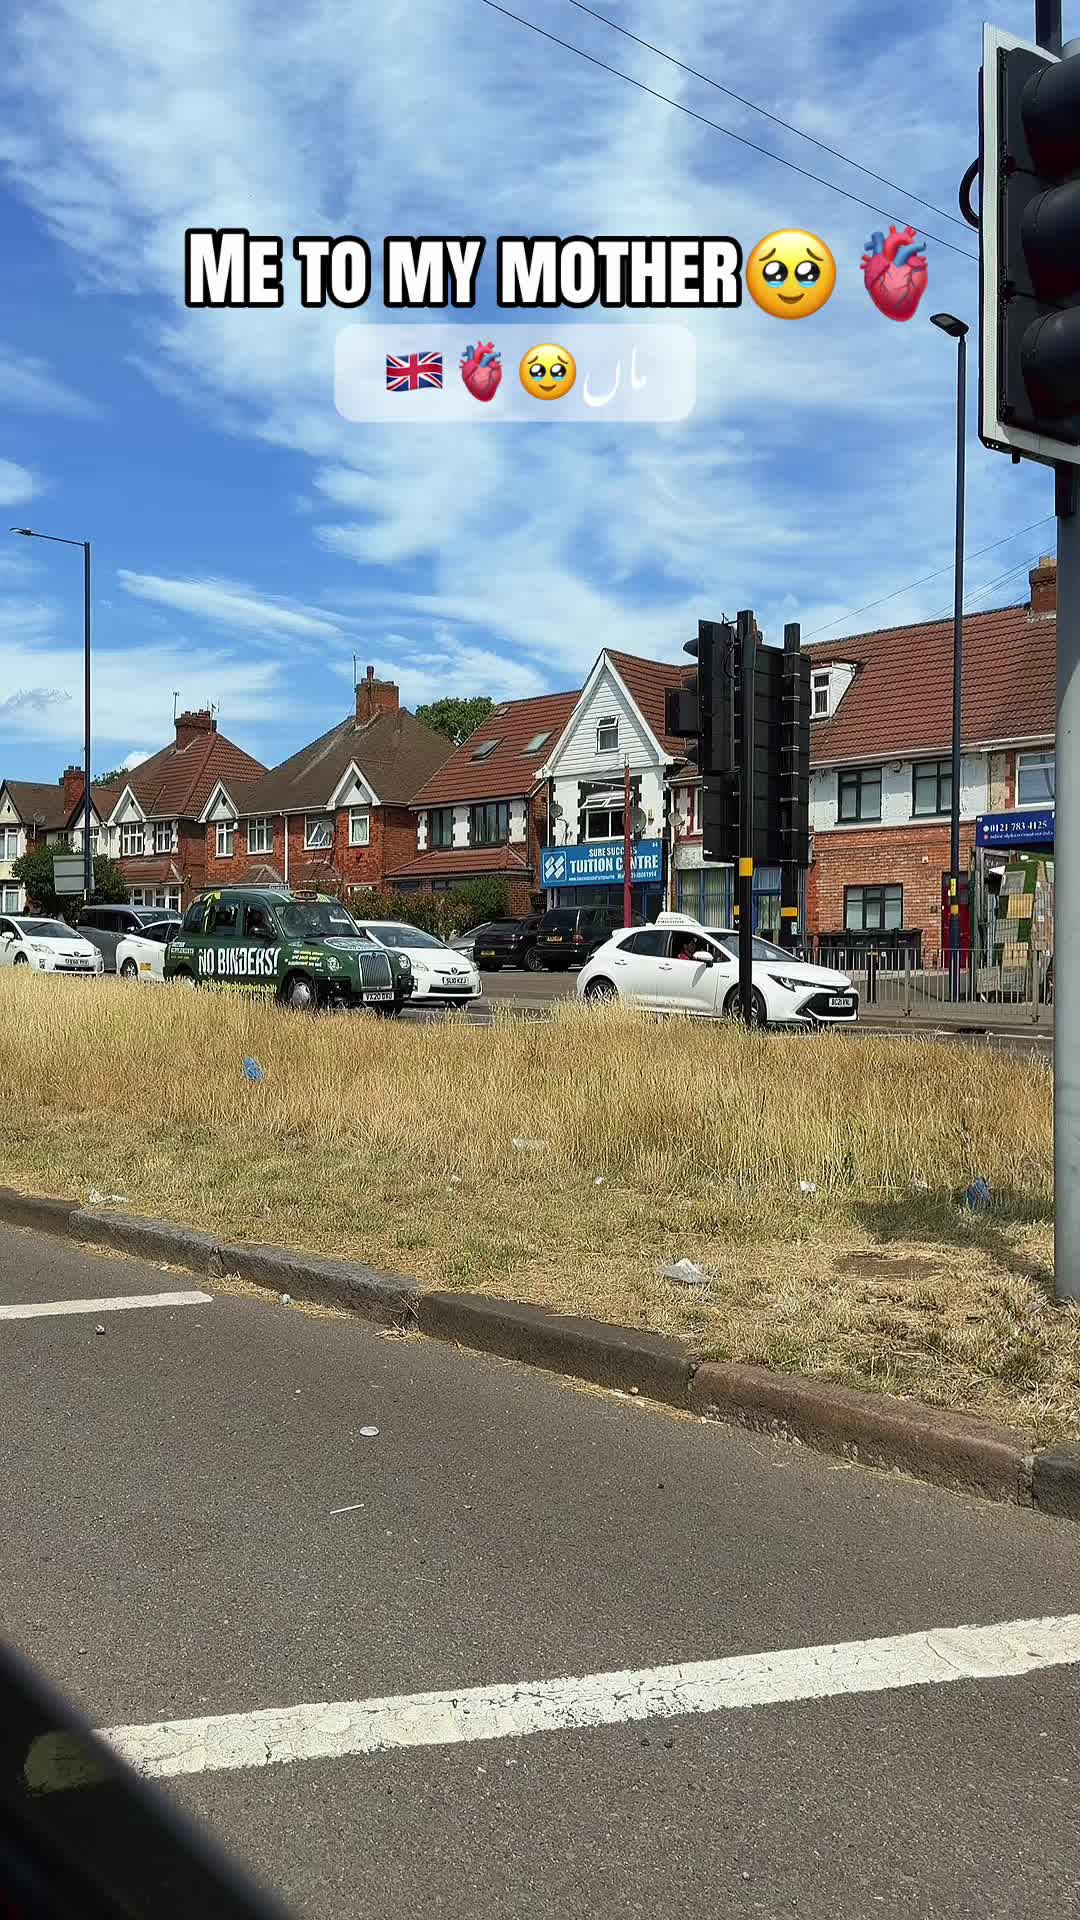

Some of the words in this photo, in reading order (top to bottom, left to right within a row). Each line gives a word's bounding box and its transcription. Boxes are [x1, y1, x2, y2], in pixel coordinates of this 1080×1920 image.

[990, 824, 1008, 832] 0121
[1011, 822, 1026, 831] 783
[588, 847, 606, 858] SURE
[569, 858, 613, 874] TUITION
[615, 855, 659, 871] CNTRE
[198, 947, 215, 976] NO
[217, 946, 282, 976] BINDERS!
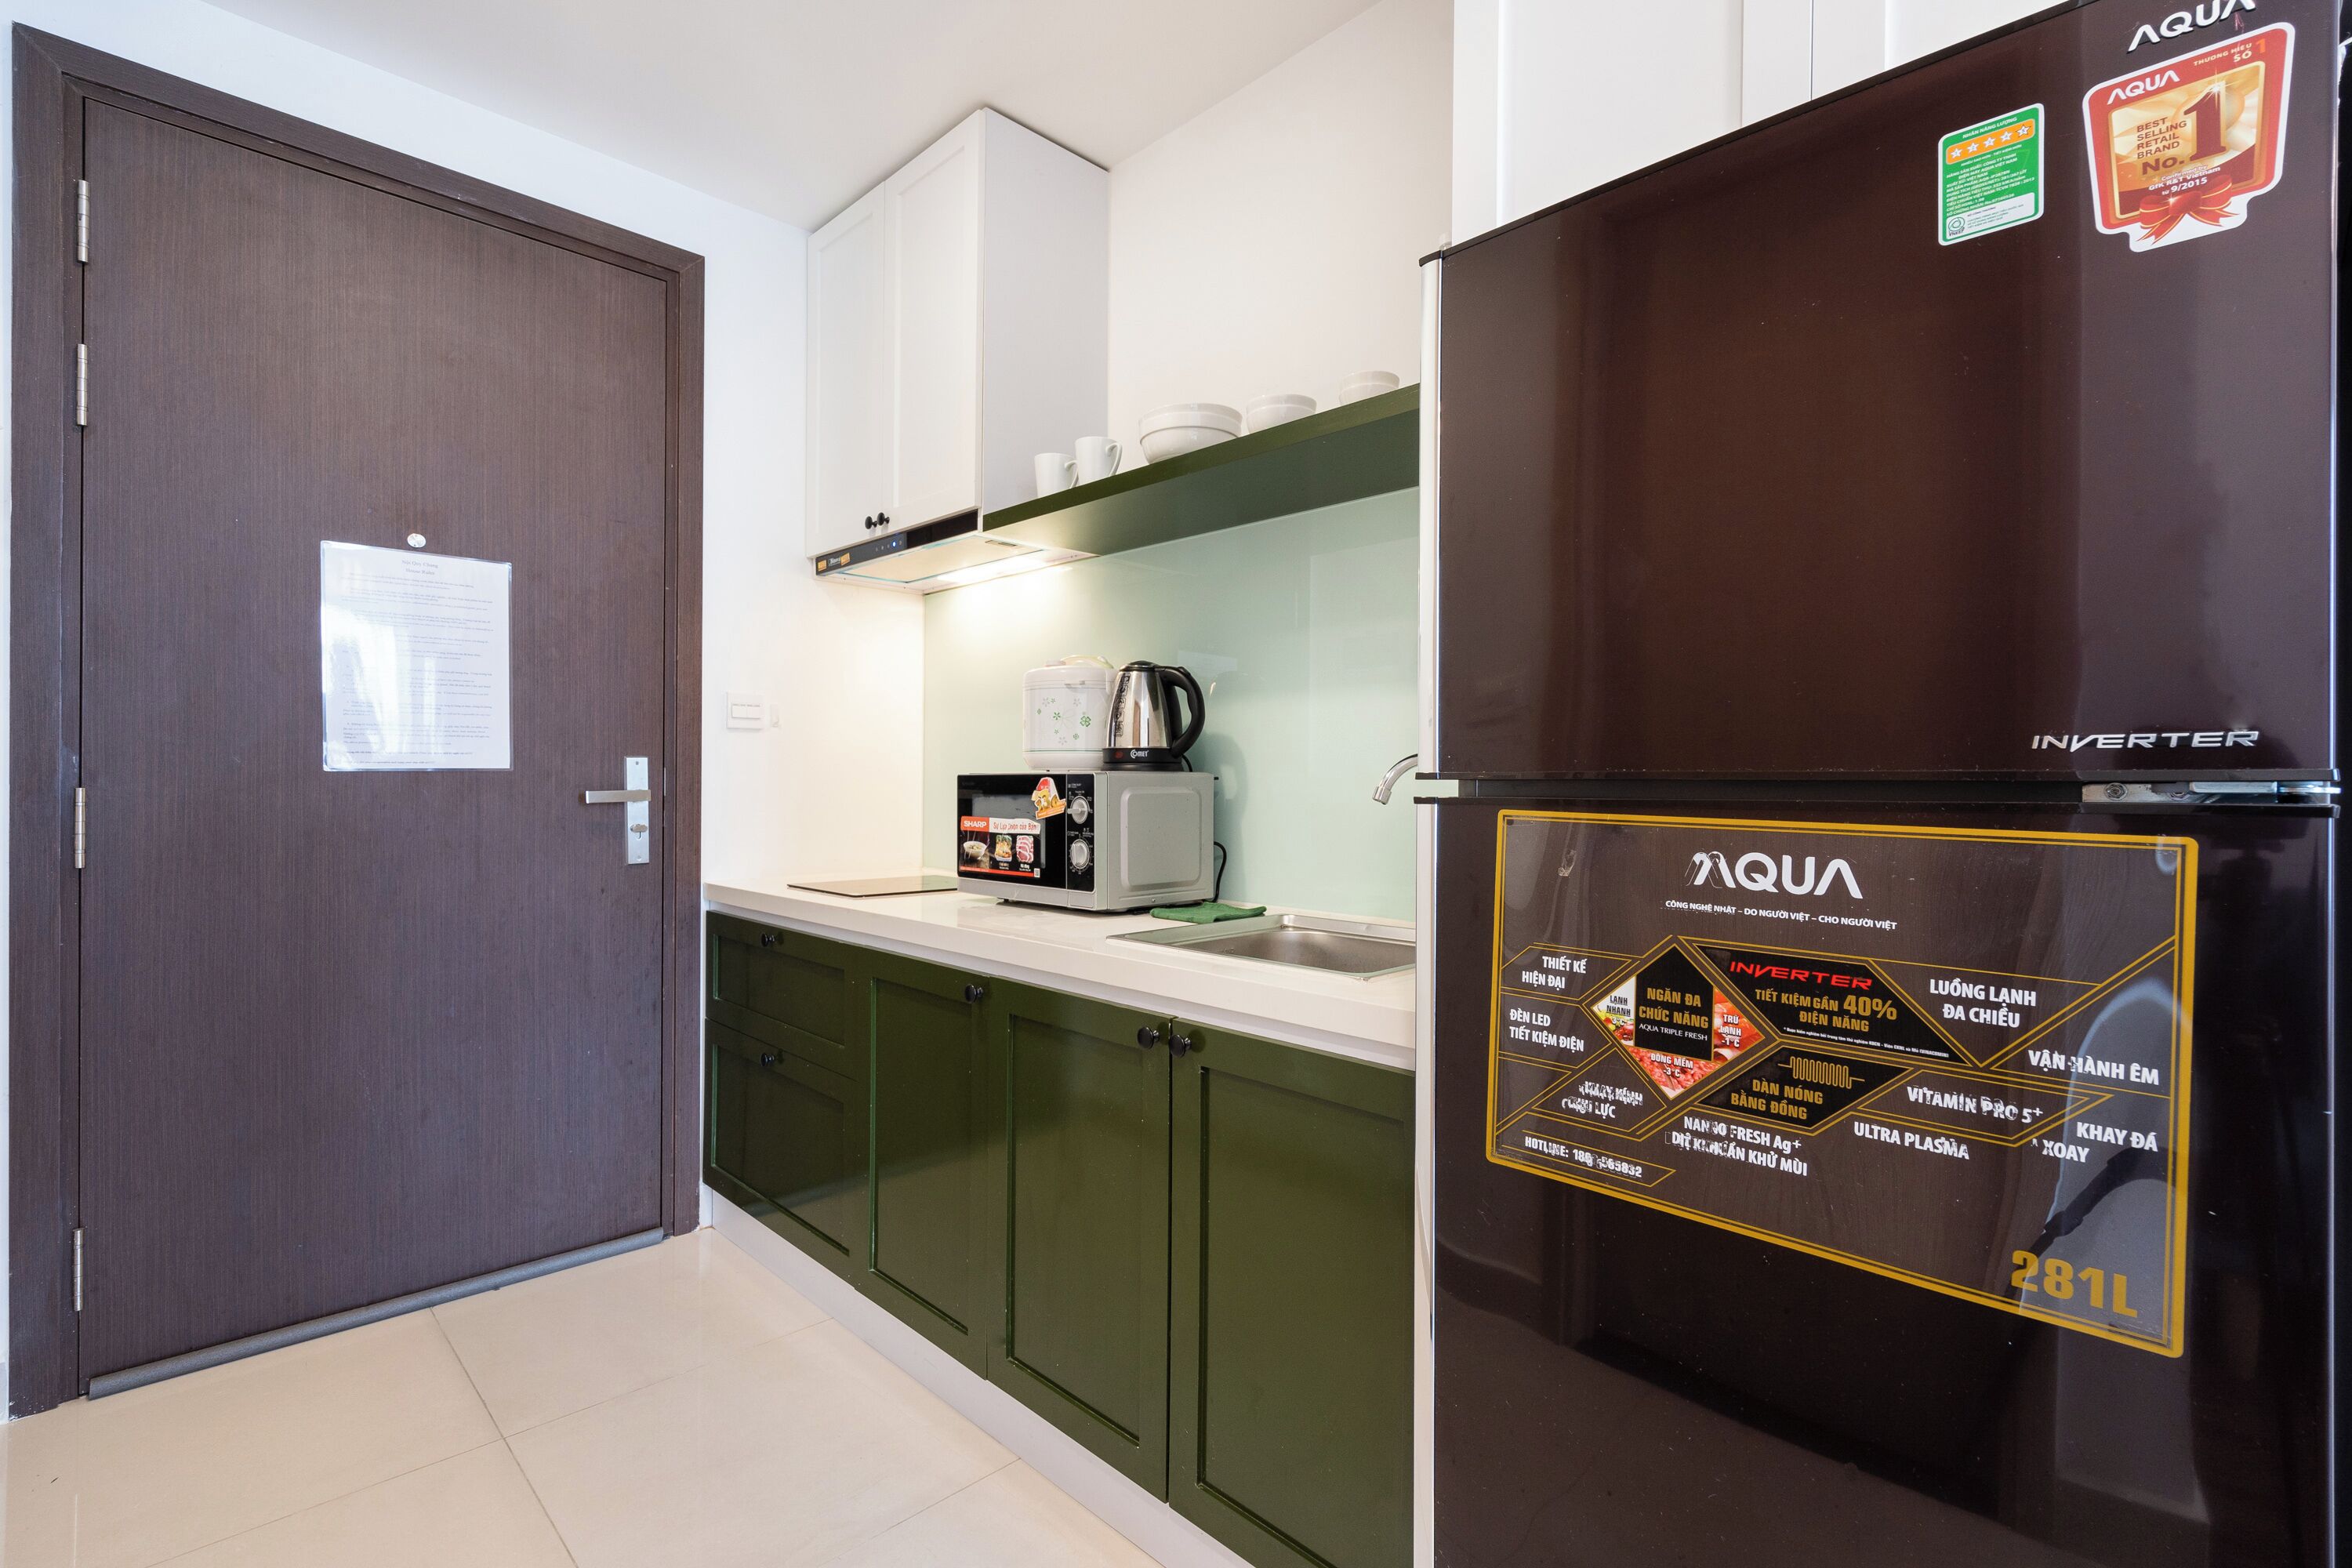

***

- **EXERCISE DIRECTIONS**: Your answer must be an exact copy of the entries above, with no pictures in it.

- **EXERCISE SOLUTION**:
Some of the words in this photo, in reading order (top to bottom, left to right within a row). Each line gives a word's bounding box and its transcription. Boxes are [x1, y1, x2, y2], in pixel coordinates of this 1080×1920 image.

[990, 824, 1008, 832] 0121
[1011, 822, 1026, 831] 783
[588, 847, 606, 858] SURE
[569, 858, 613, 874] TUITION
[615, 855, 659, 871] CNTRE
[198, 947, 215, 976] NO
[217, 946, 282, 976] BINDERS!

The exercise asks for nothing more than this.